La violencia física y simbólica, como en un hogar, no puede erradicarse en forma absoluta y total. Pero en nuestro país, está claro que siempre existió un aval que baja desde lo más alto e instruido de las clases, hacia las menos pudientes económicamente, menos educadas y más excluidas. Esta referencia, junto con la anuencia a los delitos más graves es a mi entender, un guiño más, un vagón más en el pesado tren que viene desde atrás. Porque el engaño, la viveza criolla, que con complicidad, jocosa y hasta orgullosamente amasamos como comunidad nacional, es “una herencia perniciosa” para Mallea. Y sigue el autor: “su género principal es el discurso, su apoteosis el banquete, su seducción más inquietante, la publicidad. Siempre una definición externa, un gesto, algo enteramente mundano y superficial, ha determinado nuestra autoestima, nuestra reputación social”.

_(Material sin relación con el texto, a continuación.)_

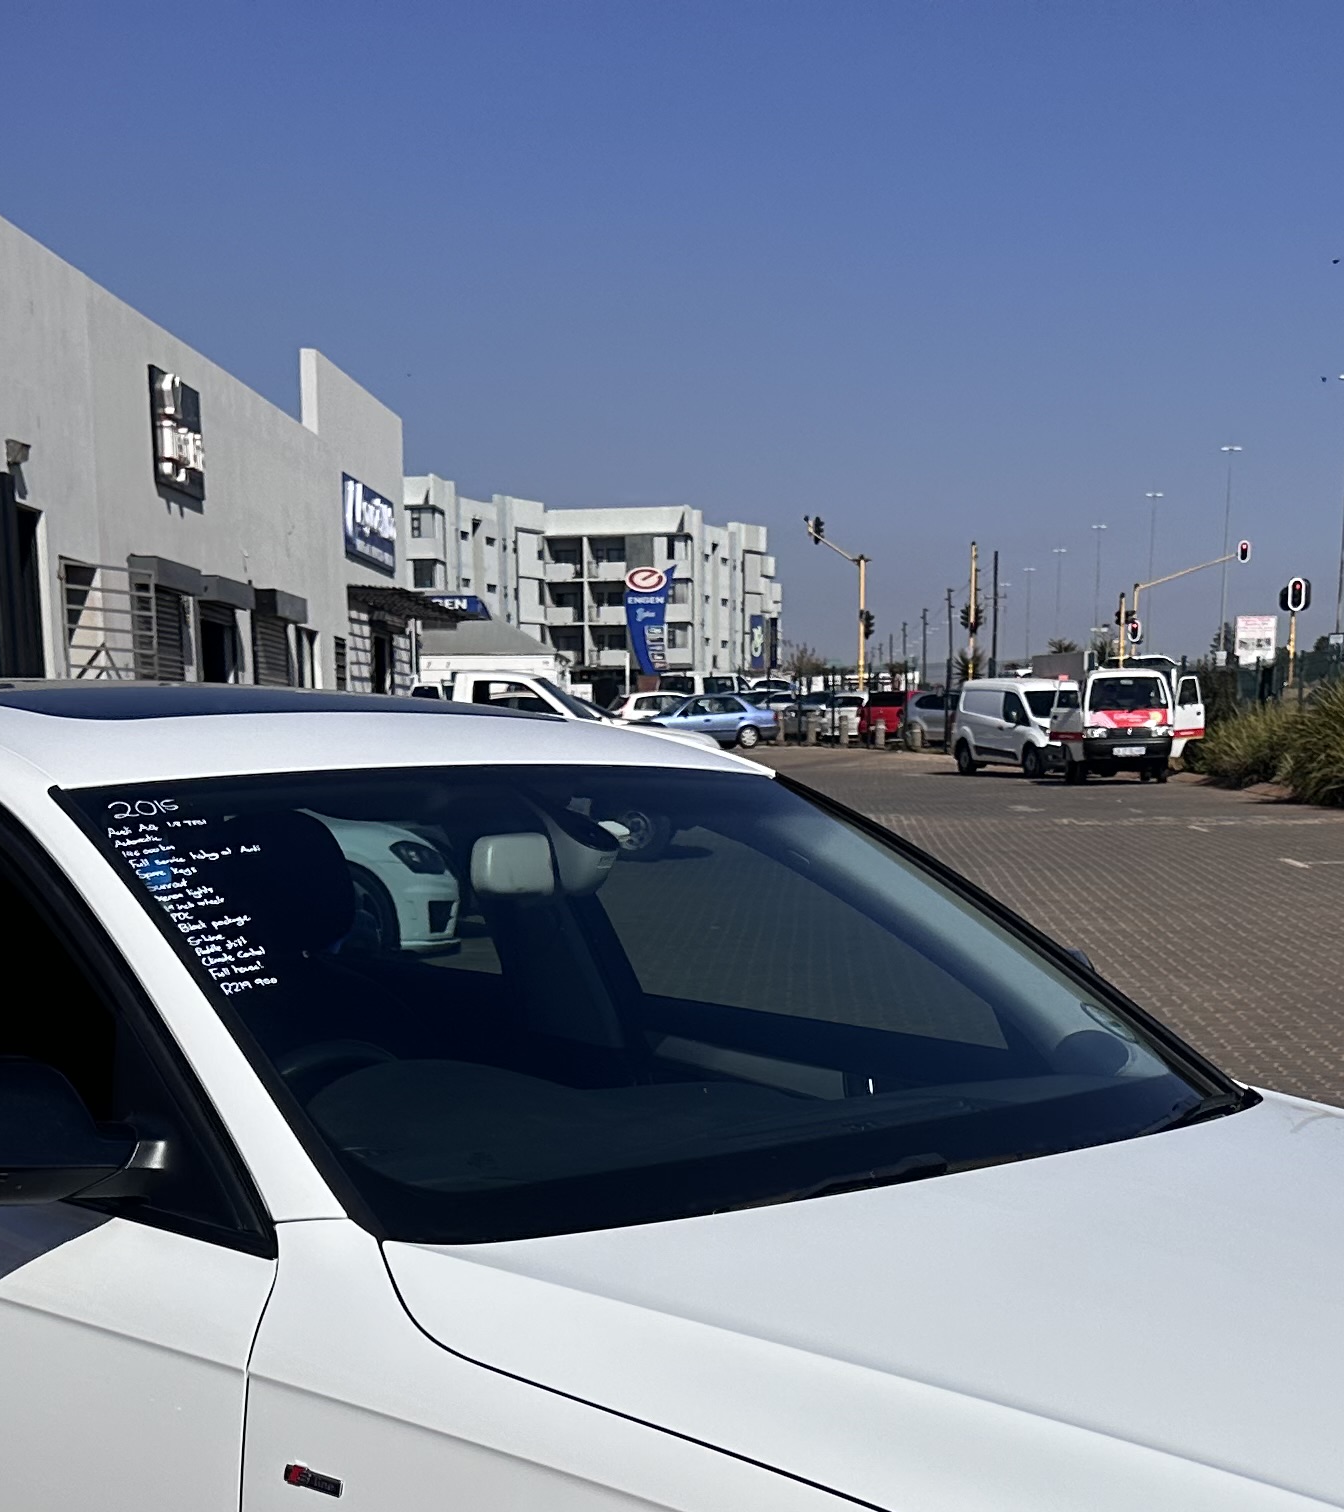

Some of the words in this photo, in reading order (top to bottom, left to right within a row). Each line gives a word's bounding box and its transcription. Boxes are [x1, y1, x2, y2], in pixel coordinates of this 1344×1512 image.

[628, 596, 665, 607] ENGEN
[107, 799, 179, 819] 2015
[128, 859, 150, 869] Full
[170, 912, 194, 922] PDC
[208, 967, 231, 980] Full
[254, 978, 278, 986] 900

¿Cómo entonces, pensaremos en respetar las normas de tránsito si nadie respeta la declaración jurada de bienes, si está tan vigente la letra del tango que inmortalizó a Enrique Santos Discépolo; si nuestros representantes con mayores responsabilidades son eximidos sistemáticamente de sus flagrantes asociaciones y enriquecimientos ilícitos, de sus faltas monstruosas a deberes de funcionarios públicos? Que viva la desconsideración.

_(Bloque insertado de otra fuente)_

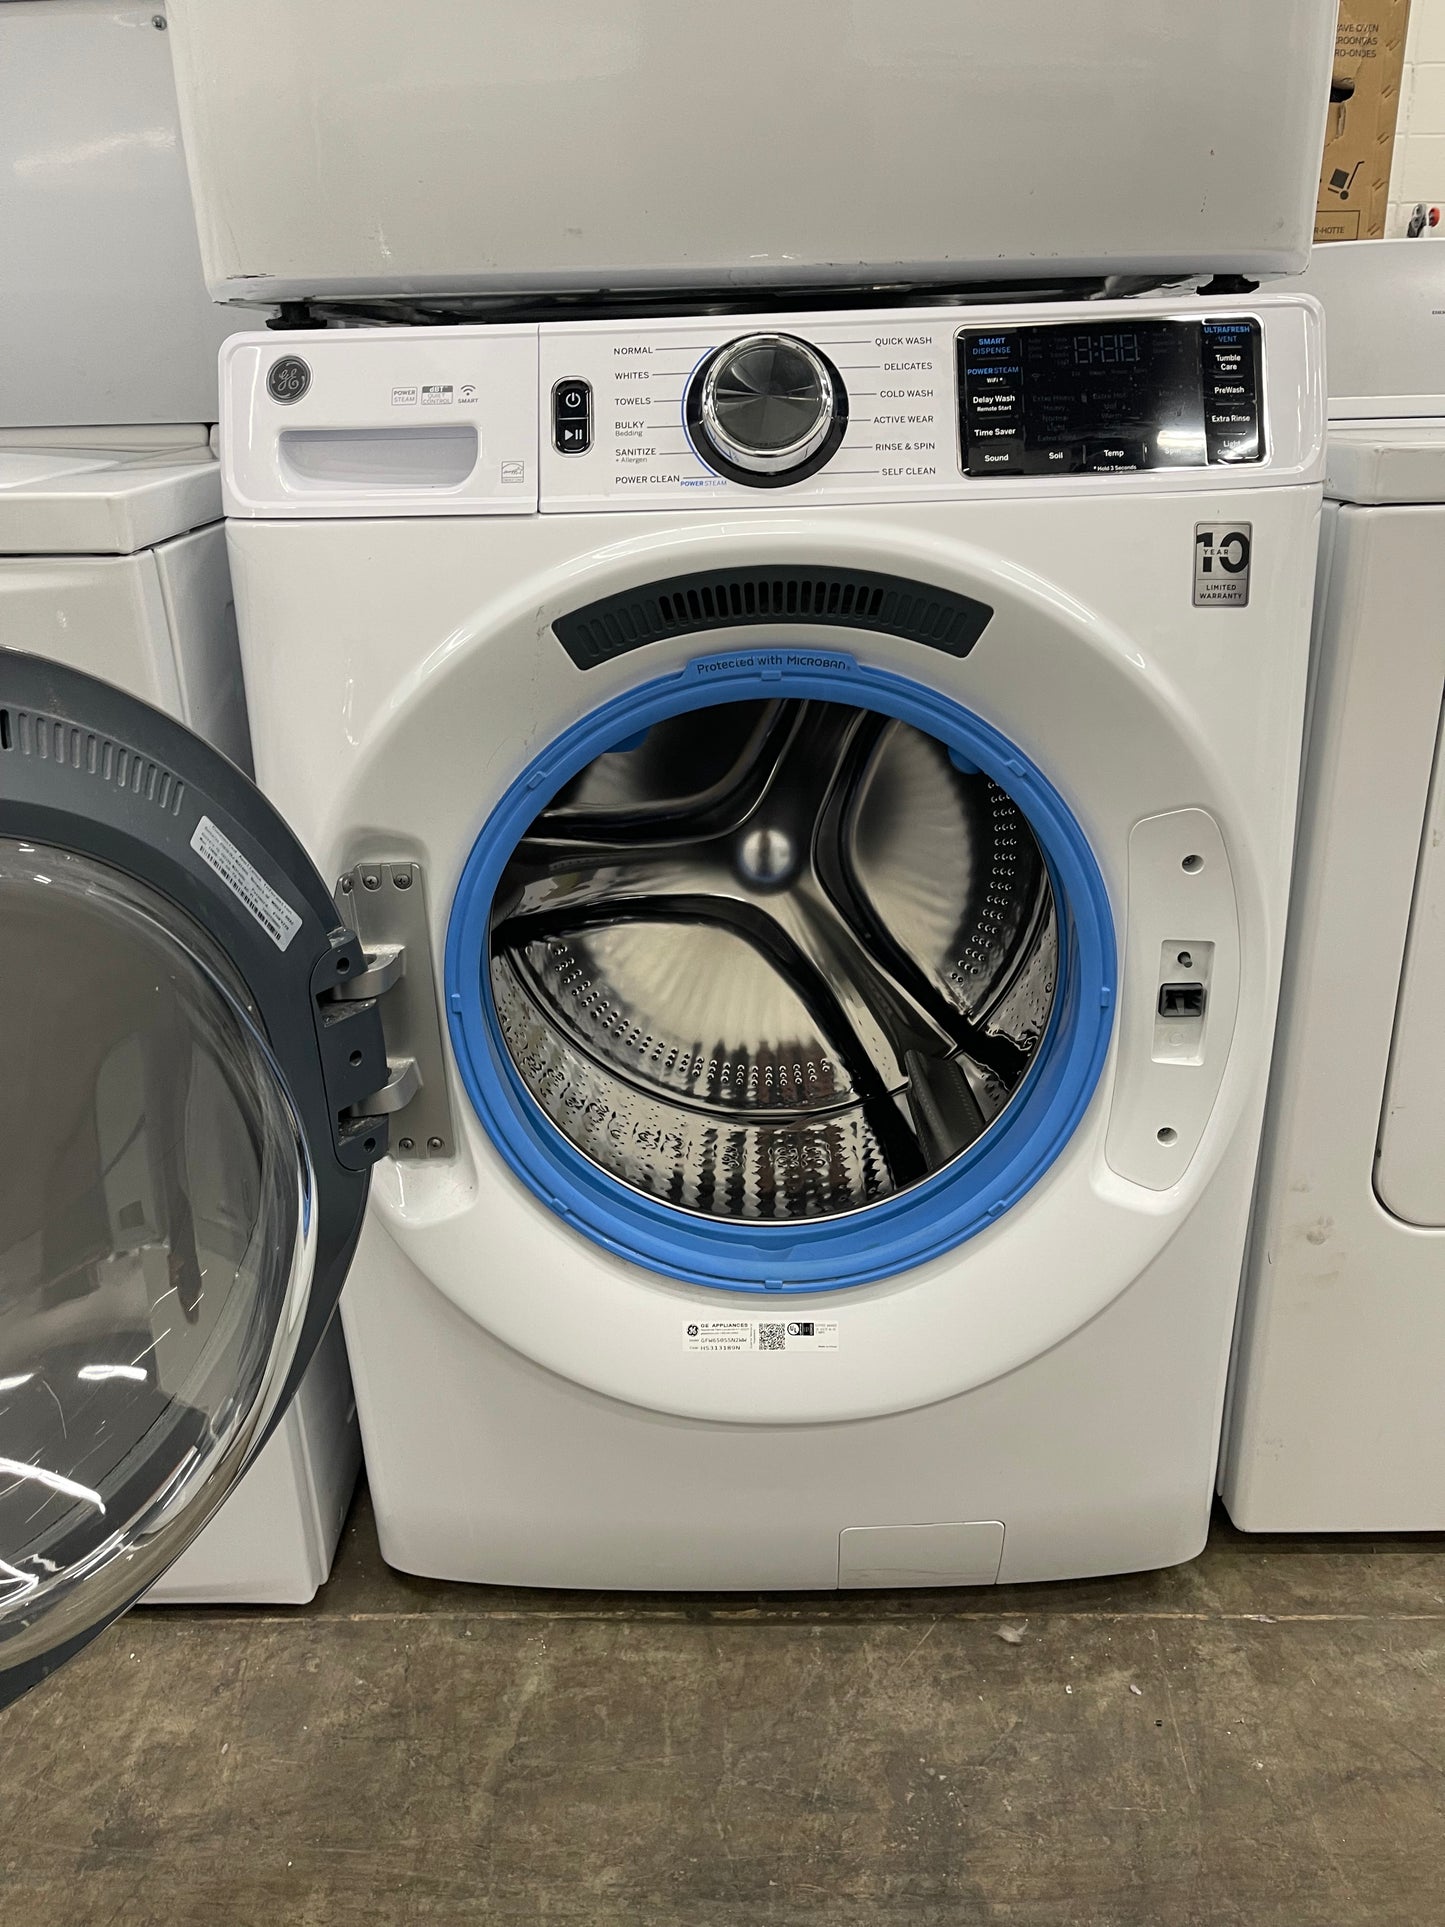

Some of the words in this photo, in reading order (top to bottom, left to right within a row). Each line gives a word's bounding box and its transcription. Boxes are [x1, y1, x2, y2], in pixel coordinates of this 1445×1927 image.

[1337, 24, 1353, 32] AVE
[1336, 36, 1377, 45] ROONDAS
[875, 338, 903, 346] QUICK
[979, 337, 1005, 345] SMART
[973, 346, 1010, 355] DISPENSE
[884, 362, 932, 370] DELICATES
[973, 396, 993, 404] Delay
[616, 421, 644, 429] BULKY
[616, 448, 656, 456] SANITIZE
[1104, 450, 1124, 458] Temp
[984, 454, 1009, 462] Sound
[616, 476, 647, 484] POWER
[650, 475, 680, 483] CLEAN
[1196, 532, 1249, 573] 10
[697, 658, 754, 674] Protected
[758, 656, 782, 665] with

Llegan acordes de la canción del mejicano Luis Miguel:
Miénteme como siempre,
por favor miénteme
necesito creerte
convénceme.

Miénteme con un beso
que parezca de amor
necesito quererte
culpable o no.

No tengo ya derecho a reprocharte nada
pues nada queda ya de ti, de ayer.
Qué pena, nuestra historia pudo ser fantástica
y ahora dime mi amor
¿Quién te va a defender?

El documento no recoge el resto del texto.